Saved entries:
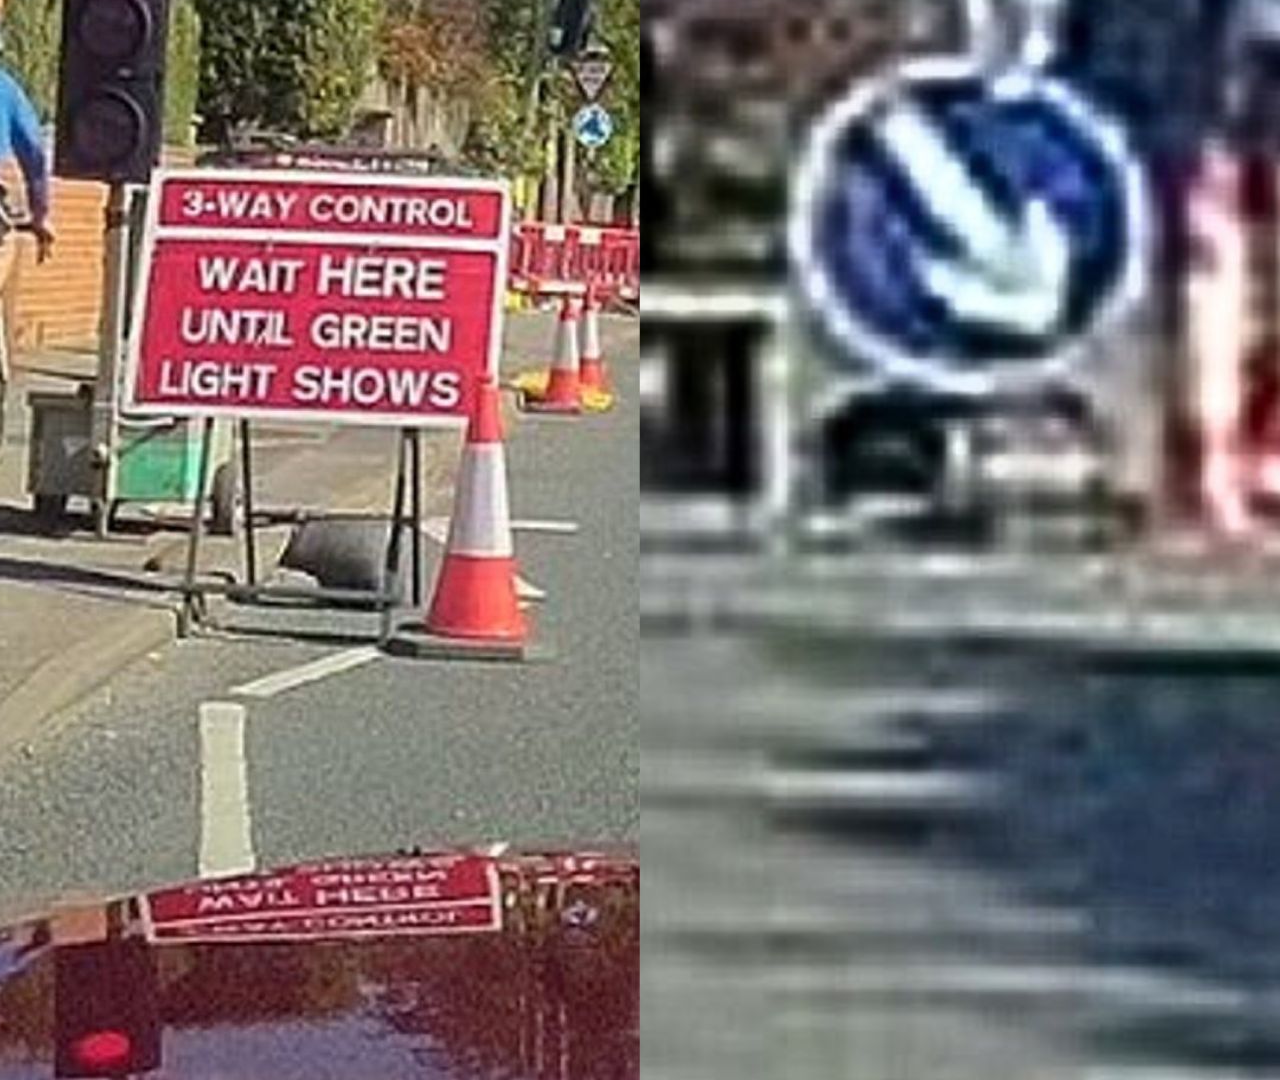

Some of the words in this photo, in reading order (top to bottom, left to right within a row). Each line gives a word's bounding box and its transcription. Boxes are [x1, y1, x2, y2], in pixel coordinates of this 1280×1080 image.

[182, 189, 298, 218] 3-WAY
[309, 195, 473, 227] CONTROL
[199, 257, 305, 293] WAIT
[319, 255, 447, 299] HERE
[182, 307, 294, 346] UNTIL
[310, 314, 452, 352] GREEN
[159, 361, 277, 398] LIGHT
[293, 369, 461, 408] SHOWS
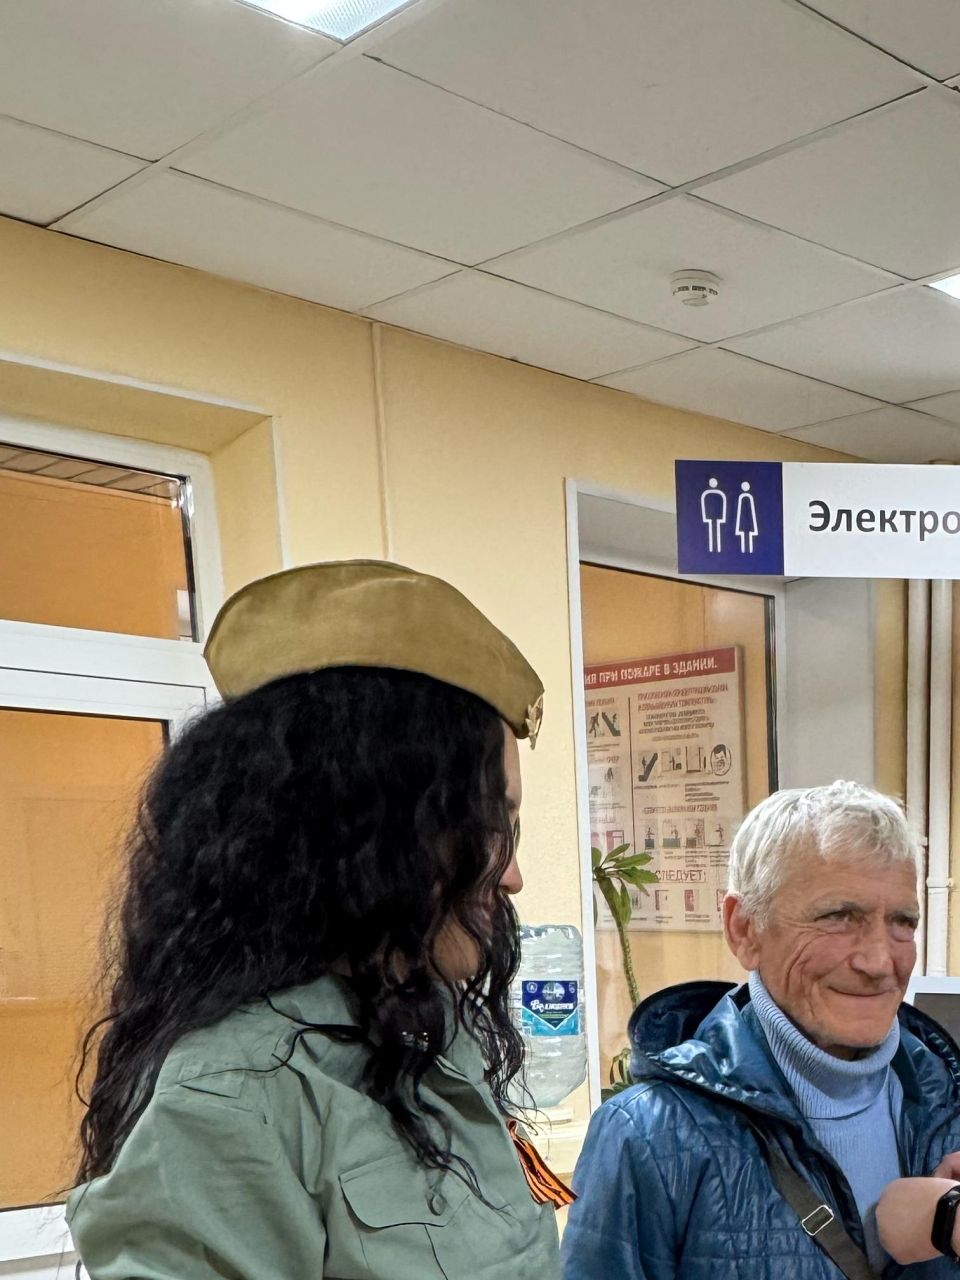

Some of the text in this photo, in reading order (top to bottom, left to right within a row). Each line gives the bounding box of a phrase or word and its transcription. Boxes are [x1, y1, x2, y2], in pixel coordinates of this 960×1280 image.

▸ TASK PROMPT: Please reproduce each entry exactly as given and omit the pictures.

▸ RESULT:
Some of the words in this photo, in reading order (top to bottom, left to right within a row). Each line gives a word's bounding box and its transcription. Boxes are [x1, y1, x2, y2], in pixel coordinates of this 1280×1080 image.

[182, 189, 298, 218] 3-WAY
[309, 195, 473, 227] CONTROL
[199, 257, 305, 293] WAIT
[319, 255, 447, 299] HERE
[182, 307, 294, 346] UNTIL
[310, 314, 452, 352] GREEN
[159, 361, 277, 398] LIGHT
[293, 369, 461, 408] SHOWS

Some of the text in this photo, in reading order (top to bottom, left to right within a row). Each line gives the bounding box of a phrase or word and its transcription. Boxes are [x1, y1, x2, y2], in pixel coordinates of this 960×1280 image.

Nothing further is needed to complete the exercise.